§ Task objective: Would you retype every entry that follows without altering a word?

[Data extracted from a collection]
-=-=-=-=-
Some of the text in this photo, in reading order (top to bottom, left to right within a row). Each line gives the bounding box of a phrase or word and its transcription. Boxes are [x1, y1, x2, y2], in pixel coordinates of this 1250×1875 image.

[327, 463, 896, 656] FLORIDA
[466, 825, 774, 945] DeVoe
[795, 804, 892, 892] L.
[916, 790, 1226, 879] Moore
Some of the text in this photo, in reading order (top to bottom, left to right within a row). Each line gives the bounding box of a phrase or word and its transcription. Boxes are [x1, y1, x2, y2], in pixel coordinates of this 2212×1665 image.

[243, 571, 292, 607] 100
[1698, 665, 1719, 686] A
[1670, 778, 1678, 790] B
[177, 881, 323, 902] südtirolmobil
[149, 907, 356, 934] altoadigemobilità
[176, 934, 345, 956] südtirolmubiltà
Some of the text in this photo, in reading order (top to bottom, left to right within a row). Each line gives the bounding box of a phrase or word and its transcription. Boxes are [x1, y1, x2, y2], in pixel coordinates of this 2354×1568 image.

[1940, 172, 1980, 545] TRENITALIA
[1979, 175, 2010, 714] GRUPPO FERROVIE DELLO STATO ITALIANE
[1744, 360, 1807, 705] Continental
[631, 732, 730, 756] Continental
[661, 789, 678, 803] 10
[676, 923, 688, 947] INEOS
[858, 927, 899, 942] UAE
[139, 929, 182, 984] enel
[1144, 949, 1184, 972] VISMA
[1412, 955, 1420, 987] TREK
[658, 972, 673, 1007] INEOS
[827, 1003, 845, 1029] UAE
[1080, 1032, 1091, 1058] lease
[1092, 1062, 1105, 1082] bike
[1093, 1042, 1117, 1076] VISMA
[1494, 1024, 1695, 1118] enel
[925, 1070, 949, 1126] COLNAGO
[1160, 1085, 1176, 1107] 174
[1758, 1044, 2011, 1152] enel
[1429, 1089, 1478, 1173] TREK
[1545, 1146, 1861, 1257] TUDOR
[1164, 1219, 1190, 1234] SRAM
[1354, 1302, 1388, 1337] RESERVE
-=-=-=-=-
§ Reply:
Some of the text in this photo, in reading order (top to bottom, left to right within a row). Each line gives the bounding box of a phrase or word and its transcription. Boxes are [x1, y1, x2, y2], in pixel coordinates of this 1250×1875 image.

[327, 463, 896, 656] FLORIDA
[466, 825, 774, 945] DeVoe
[795, 804, 892, 892] L.
[916, 790, 1226, 879] Moore
Some of the text in this photo, in reading order (top to bottom, left to right within a row). Each line gives the bounding box of a phrase or word and its transcription. Boxes are [x1, y1, x2, y2], in pixel coordinates of this 2212×1665 image.

[243, 571, 292, 607] 100
[1698, 665, 1719, 686] A
[1670, 778, 1678, 790] B
[177, 881, 323, 902] südtirolmobil
[149, 907, 356, 934] altoadigemobilità
[176, 934, 345, 956] südtirolmubiltà
Some of the text in this photo, in reading order (top to bottom, left to right within a row). Each line gives the bounding box of a phrase or word and its transcription. Boxes are [x1, y1, x2, y2], in pixel coordinates of this 2354×1568 image.

[1940, 172, 1980, 545] TRENITALIA
[1979, 175, 2010, 714] GRUPPO FERROVIE DELLO STATO ITALIANE
[1744, 360, 1807, 705] Continental
[631, 732, 730, 756] Continental
[661, 789, 678, 803] 10
[676, 923, 688, 947] INEOS
[858, 927, 899, 942] UAE
[139, 929, 182, 984] enel
[1144, 949, 1184, 972] VISMA
[1412, 955, 1420, 987] TREK
[658, 972, 673, 1007] INEOS
[827, 1003, 845, 1029] UAE
[1080, 1032, 1091, 1058] lease
[1092, 1062, 1105, 1082] bike
[1093, 1042, 1117, 1076] VISMA
[1494, 1024, 1695, 1118] enel
[925, 1070, 949, 1126] COLNAGO
[1160, 1085, 1176, 1107] 174
[1758, 1044, 2011, 1152] enel
[1429, 1089, 1478, 1173] TREK
[1545, 1146, 1861, 1257] TUDOR
[1164, 1219, 1190, 1234] SRAM
[1354, 1302, 1388, 1337] RESERVE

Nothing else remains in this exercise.